Pour la partie «plat principal» du menu d’alors, c’est encore et toujours la mer et ses bons produits, teintés des nombreuses influences du chef Martin, qui trustent le haut de l’assiette et tout le reste. Notamment grâce à un superbe trompe-l’œil de langoustine/jus de riz vénéré/vin jaune, qui donne l’impression d’une grosse gousse d’ail coupée en son centre. La combinaison des saveurs est audacieuse juste comme il faut et stimule les papilles sur le long terme relatif. Ça envoie franchement du lourd, surtout quand c’est arrosé d’un excellent Morgon Côte du Py 2018 de Jean Foillard, conseillé avec justesse.
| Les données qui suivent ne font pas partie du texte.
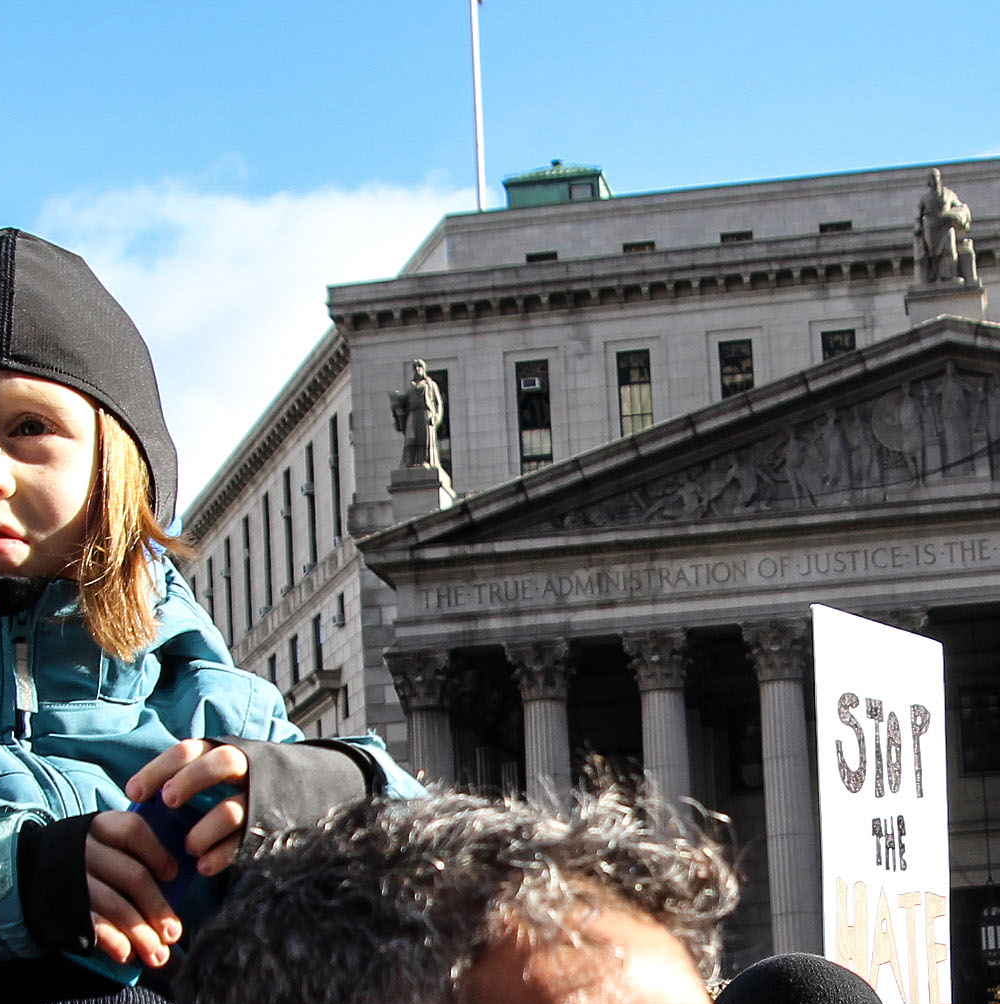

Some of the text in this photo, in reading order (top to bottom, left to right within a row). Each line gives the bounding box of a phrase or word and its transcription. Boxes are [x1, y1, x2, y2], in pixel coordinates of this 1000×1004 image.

[419, 537, 992, 610] THE TRUE ADMINISTRATION OF JUSTICE IS THE
[835, 691, 931, 799] STOP
[871, 814, 907, 873] THE
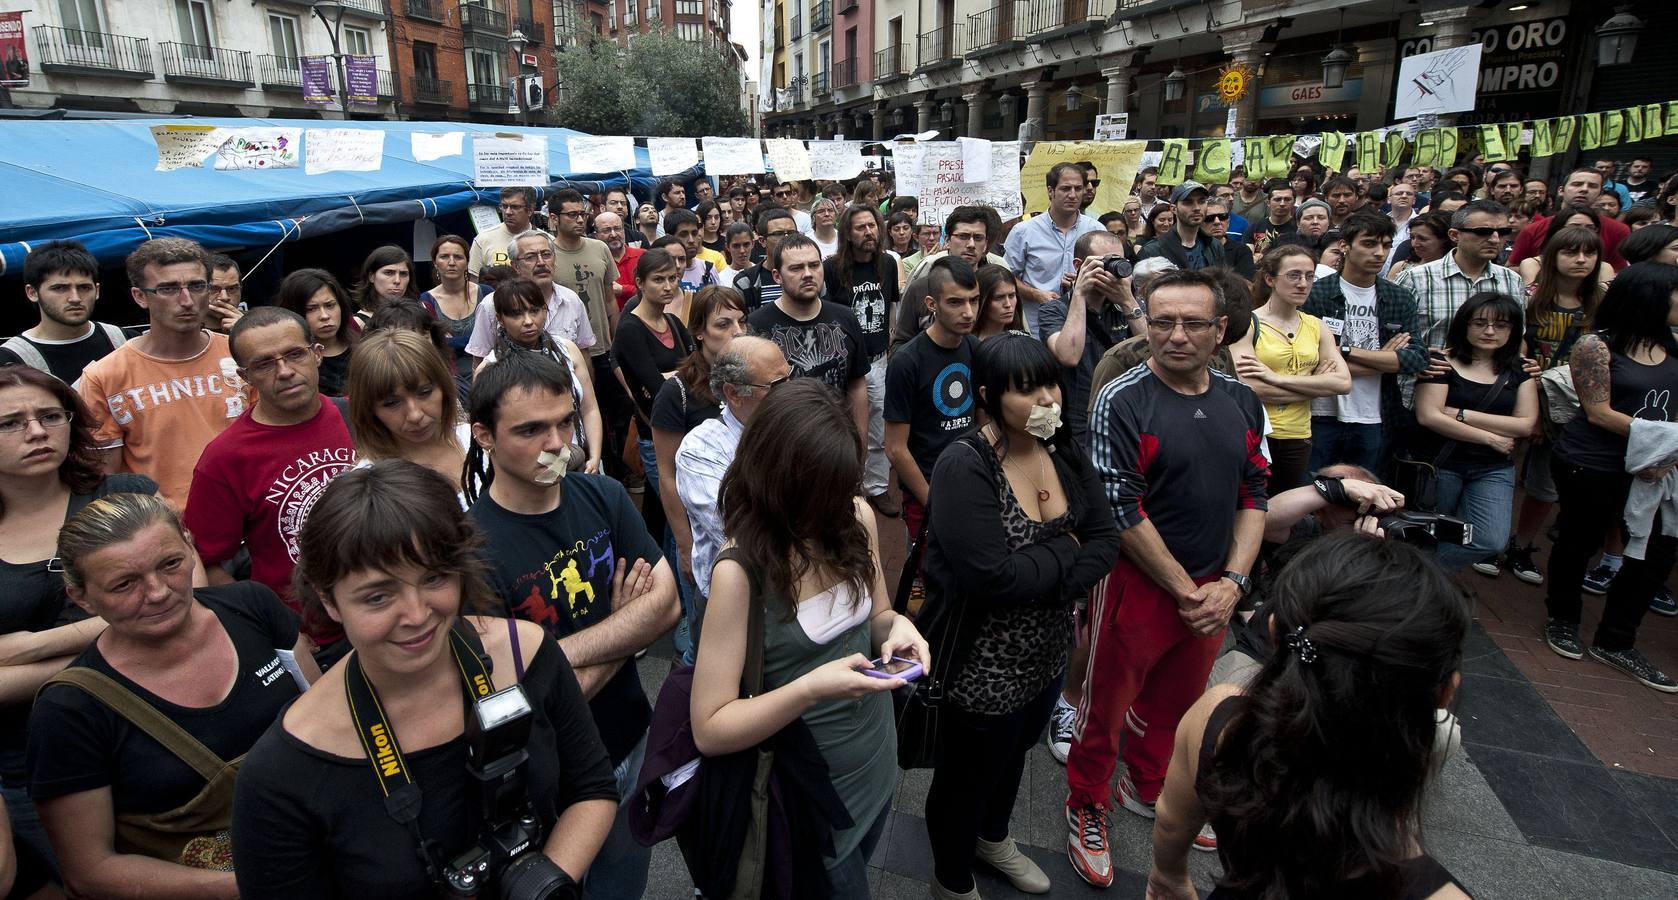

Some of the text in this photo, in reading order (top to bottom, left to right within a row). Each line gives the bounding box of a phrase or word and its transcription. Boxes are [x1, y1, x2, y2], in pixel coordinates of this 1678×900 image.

[1506, 19, 1566, 50] ORO
[1478, 61, 1559, 92] MPRO
[1292, 86, 1322, 100] GAES
[933, 186, 960, 196] PASADO
[106, 373, 223, 425] ETHNIC
[262, 665, 286, 687] LATINO
[370, 723, 401, 778] Nikon
[510, 841, 530, 857] Nikon
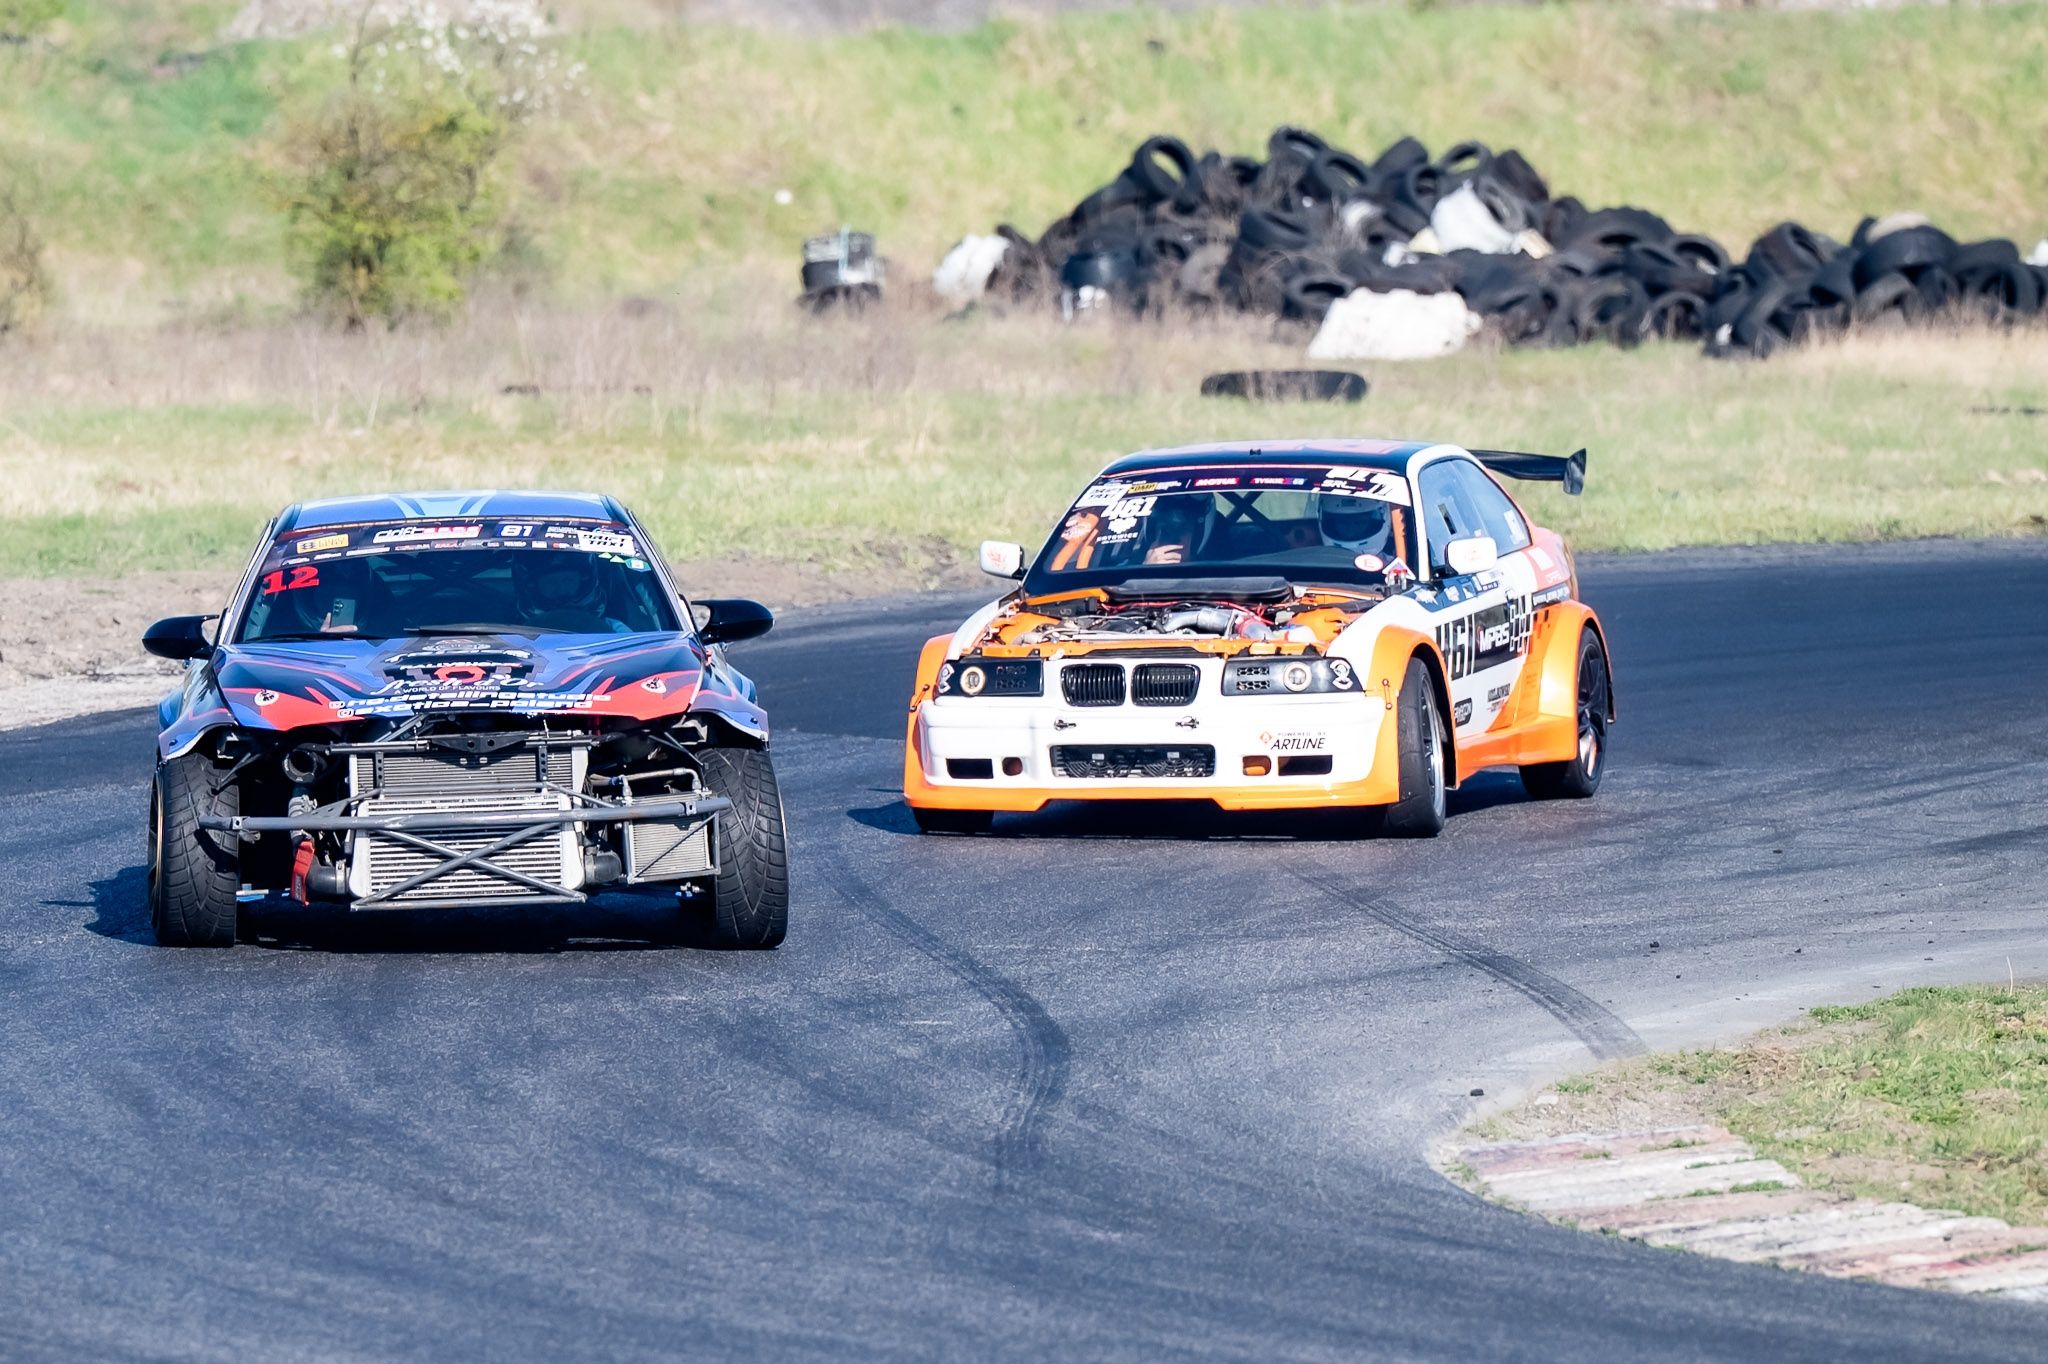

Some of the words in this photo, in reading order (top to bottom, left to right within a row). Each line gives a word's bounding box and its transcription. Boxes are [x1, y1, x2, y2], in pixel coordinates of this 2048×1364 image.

Langoustine, jus de riz vénéré et vin jaune, un superbe plat en trompe-l’oeil à La Paix de David Martin. Maison Moderne

Langoustine, jus de riz vénéré et vin jaune, un superbe plat en trompe-l’oeil à La Paix de David Martin. Maison Moderne

Car voilà aussi, un autre atout imparable de La Paix: le service! Quel bon moment, dis! Rien d’obséquieux, mais attention, rien de leur échappe... Le maître d’hôtel Fabio est un parfait condensé d’humour et d’exactitude. Et cette ambiance pro, mais «chill» s’avère faire entièrement partie de l’expérience mémorable ressentie sur place, dans cette belle salle aux accents de banque des années 50, avec sa belle cuisine ouverte et ses œuvres d’art – dont la magistrale sculpture lumineuse de Charles Kaisin composée de plusieurs centaines de colombes dorées en origamis... Mais revenons à l’assiette, car le lieu jaune ikejime débarque, bien entouré d’une combinaison de salsa salmorreta typique de la région d’Alicante et de sauce ponzu japonaise.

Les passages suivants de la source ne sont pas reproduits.